When located outside the gland, endoscopic ultrasound can detect and biopsy these lesions. Suspicious adenopathies can also be evaluated and biopsied accordingly.


Because of their elusive nature, insulinoma patients may require a selective arterial calcium stimulation test as an ultimate effort to localize the lesion when all other studies fail in locating the tumor. While considered the gold standard in the 1970s, success was achieved in only 50 % of patients. Insulin secretion is stimulated by calcium infusion in two of the main arteries feeding the pancreas. Insulin is measured along the different regions in an effort to regionalize insulin secretion accordingly to direct the surgeon towards a specific region during the intervention. The study is invasive, requires considerable expertise and is expensive.


Laparotomy and extensive exploration of the pancreatic gland in the search of an insulinoma with the help of an ultrasound probe has been reported to be successful in up to 95 % of cases. The presence of the radiologist may be necessary however, as an expert eye may be needed to better differentiate a lesion from the normal pancreatic parenchyma, as well as other anatomical structures. A blind pancreatic resection when all imaging studies are negative is not recommended

What are the treatment options for insulinoma, both the benign and the malignant?

The standard surgical approach for patients with insulinoma was a formal laparotomy with complete exploration of the gland. Accordingly, insulinomas could be enucleated (most lesions are hard and easily dissected from normal parenchyma), or a distal pancreatectomy with splenectomy be performed if the lesion was located to the left of the mesenteric vessels; versus a pancreatoduodenectomy (Whipple procedure) when the tumor was located on the head of the gland.

A more limited approach can be proposed however, as our understanding of the disease has improved (90 % of insulinomas are benign in nature); better imaging and location studies are available, and even the most radical of interventions can be performed using minimally invasive techniques.

Thus, enucleation can be performed laparoscopically even if the tumor is in close proximity to the pancreatic duct. Distal pancreatectomy with or without spleen resection is equally feasible using this techniques. Laparoscopic pancreatoduodenectomy for lesions located in the head has been described in large series, even in the presence of malignant lesions where extensive lymph node resection may be required.

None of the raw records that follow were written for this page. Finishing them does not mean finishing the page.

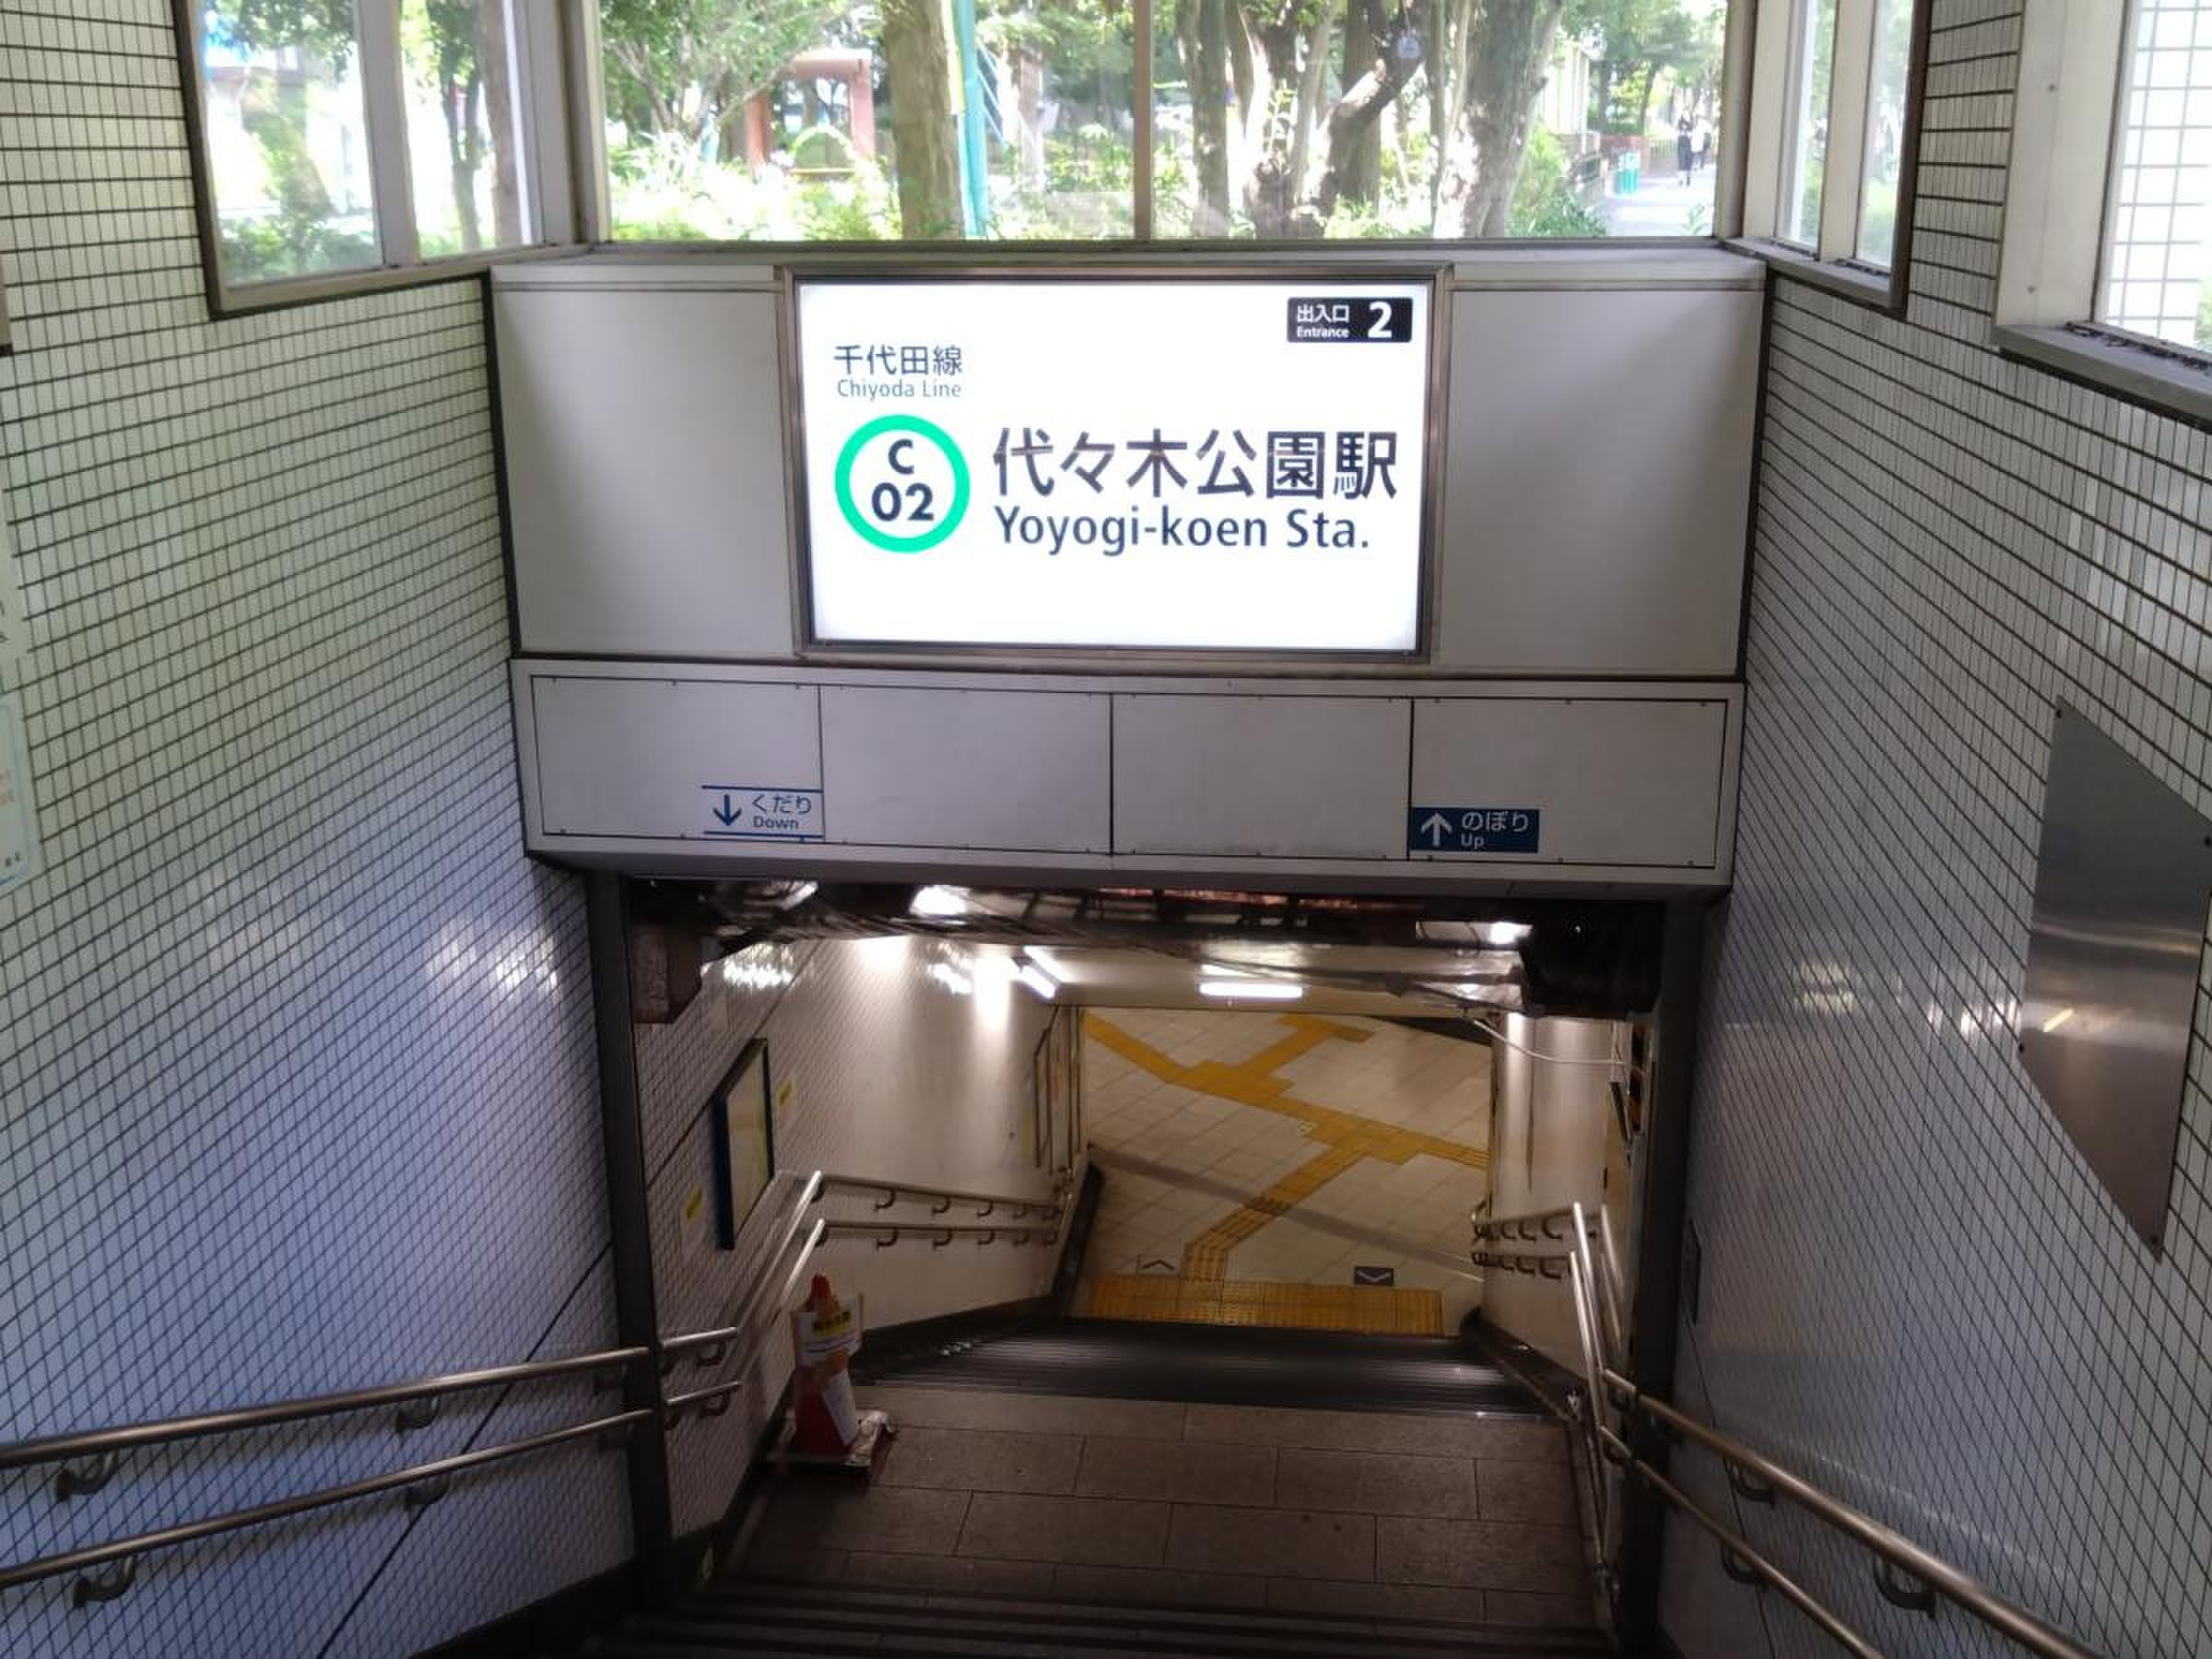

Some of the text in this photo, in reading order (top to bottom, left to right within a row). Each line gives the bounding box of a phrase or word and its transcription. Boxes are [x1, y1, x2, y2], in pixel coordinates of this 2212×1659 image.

[1296, 303, 1350, 324] 出入口
[1367, 300, 1393, 339] 2
[1296, 325, 1350, 338] Entrance
[832, 344, 964, 376] 千代田線
[837, 378, 962, 403] Chiyoda Line
[887, 438, 915, 476] C
[993, 427, 1398, 500] 代々木公園駅
[871, 481, 935, 522] 02
[994, 505, 1371, 557] Yoyogi-koen Sta.
[751, 794, 812, 815] くだり
[752, 816, 799, 830] Down
[1461, 810, 1529, 832] のぼり
[1460, 833, 1485, 850] Up

Of note, complications for pancreatic resections performed via an open or laparoscopic approach may still occur in up to 50 % of patients. Pancreatic fistula remains the most important challenge in pancreatic surgery, occurring in up to 30 % of patients irrespective of the approach performed. However, most of the fistulas resolve spontaneously with drainage and medical treatment as the mainstay of management. Other complications may occur and are less complex in nature (respiratory, urologic), but can prolong hospital stay none the less.